=== Stored data ===
※ ※ ※

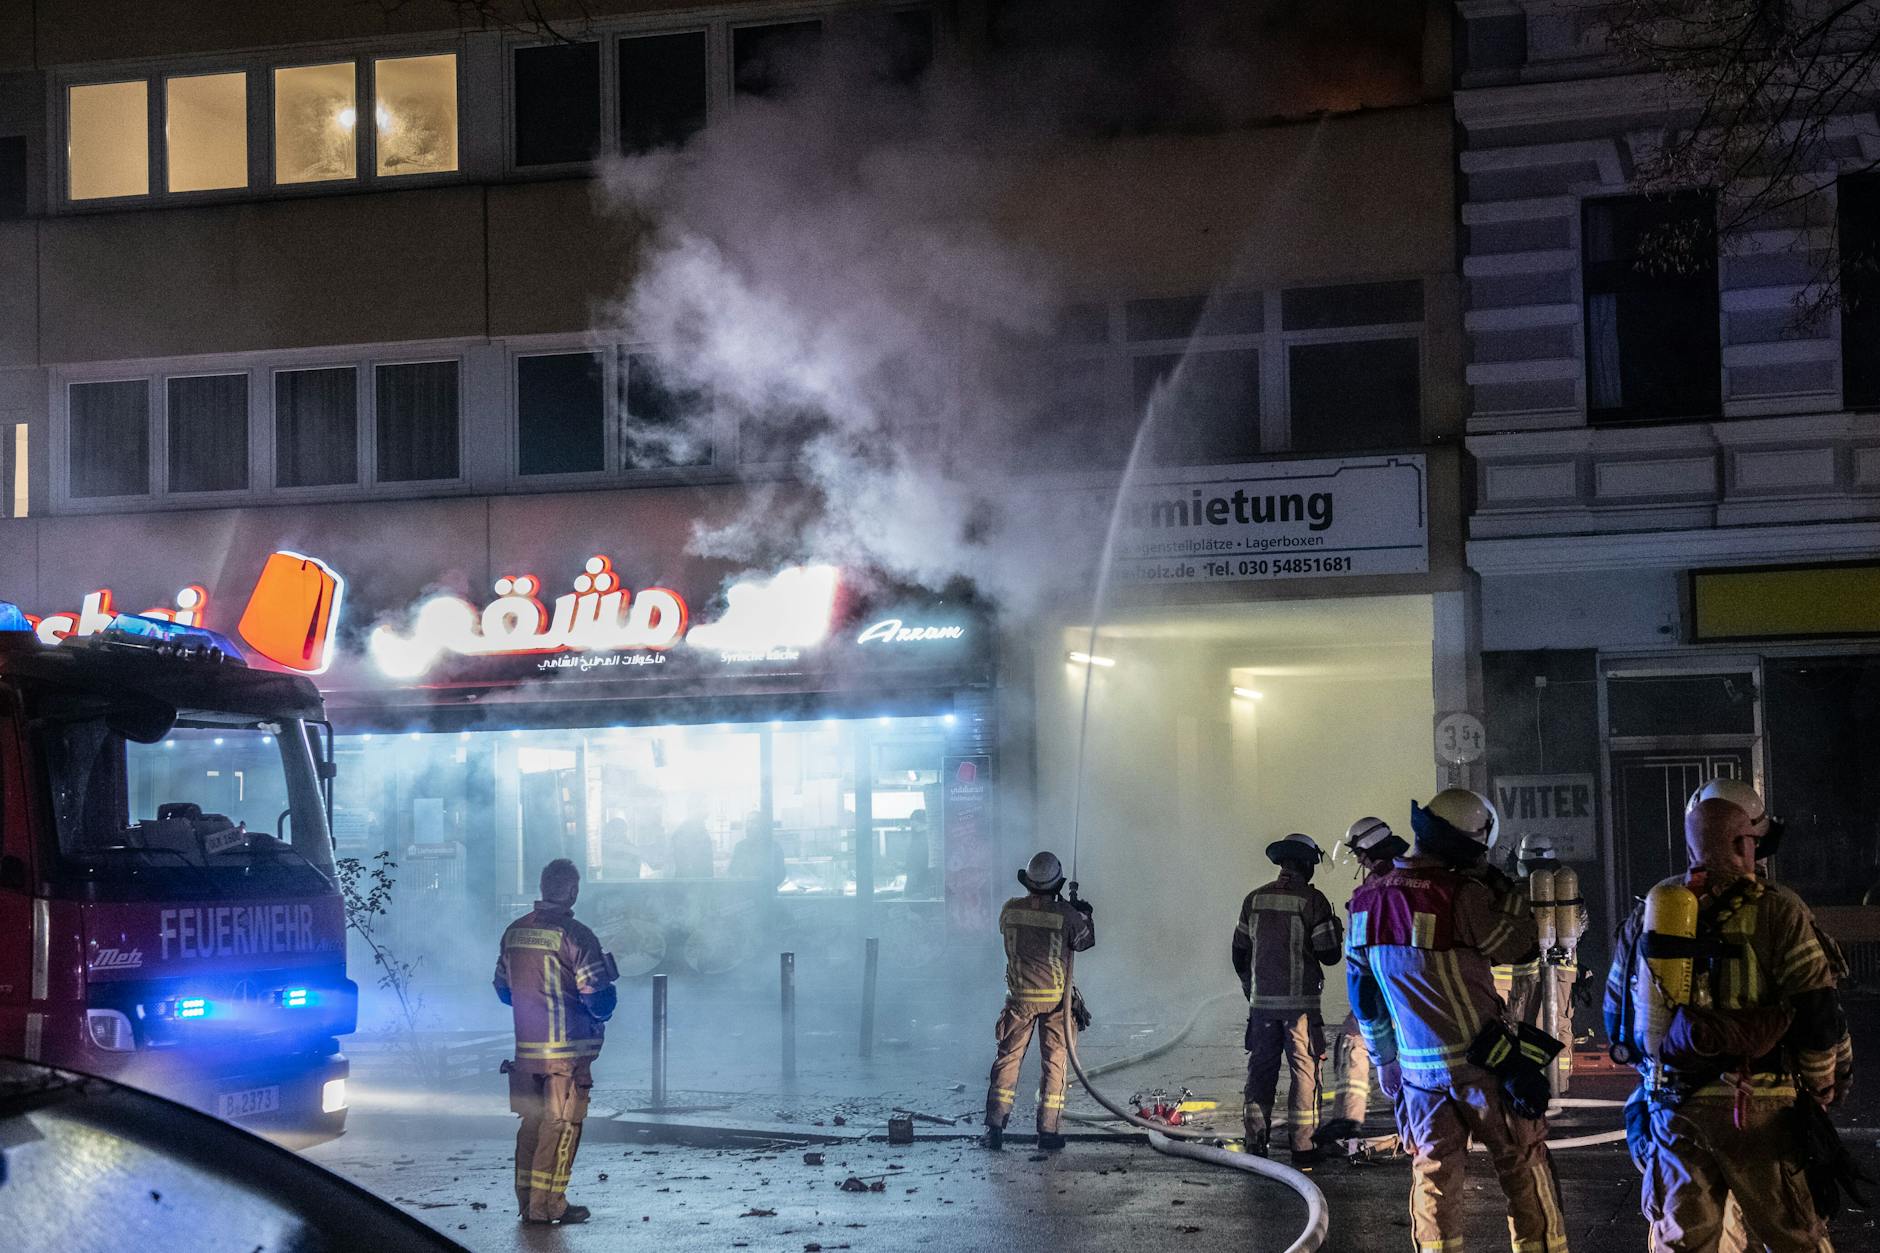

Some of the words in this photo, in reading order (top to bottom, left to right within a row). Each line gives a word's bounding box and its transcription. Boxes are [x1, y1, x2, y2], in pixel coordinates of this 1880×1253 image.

[1246, 534, 1324, 555] Lagerboxen
[1207, 560, 1234, 577] Tel.
[1238, 558, 1268, 576] 030
[1273, 556, 1353, 574] 54851681
[160, 904, 314, 960] FEUERWEHR
[91, 946, 143, 969] Metz

※ ※ ※

=== Task objective ===
In your copy of the records above, include no pictures and match every line exactly.

=== Output for this exercise ===
Some of the words in this photo, in reading order (top to bottom, left to right within a row). Each line gives a word's bounding box and its transcription. Boxes are [x1, y1, x2, y2], in pixel coordinates of this 1880×1253 image.

[1246, 534, 1324, 555] Lagerboxen
[1207, 560, 1234, 577] Tel.
[1238, 558, 1268, 576] 030
[1273, 556, 1353, 574] 54851681
[160, 904, 314, 960] FEUERWEHR
[91, 946, 143, 969] Metz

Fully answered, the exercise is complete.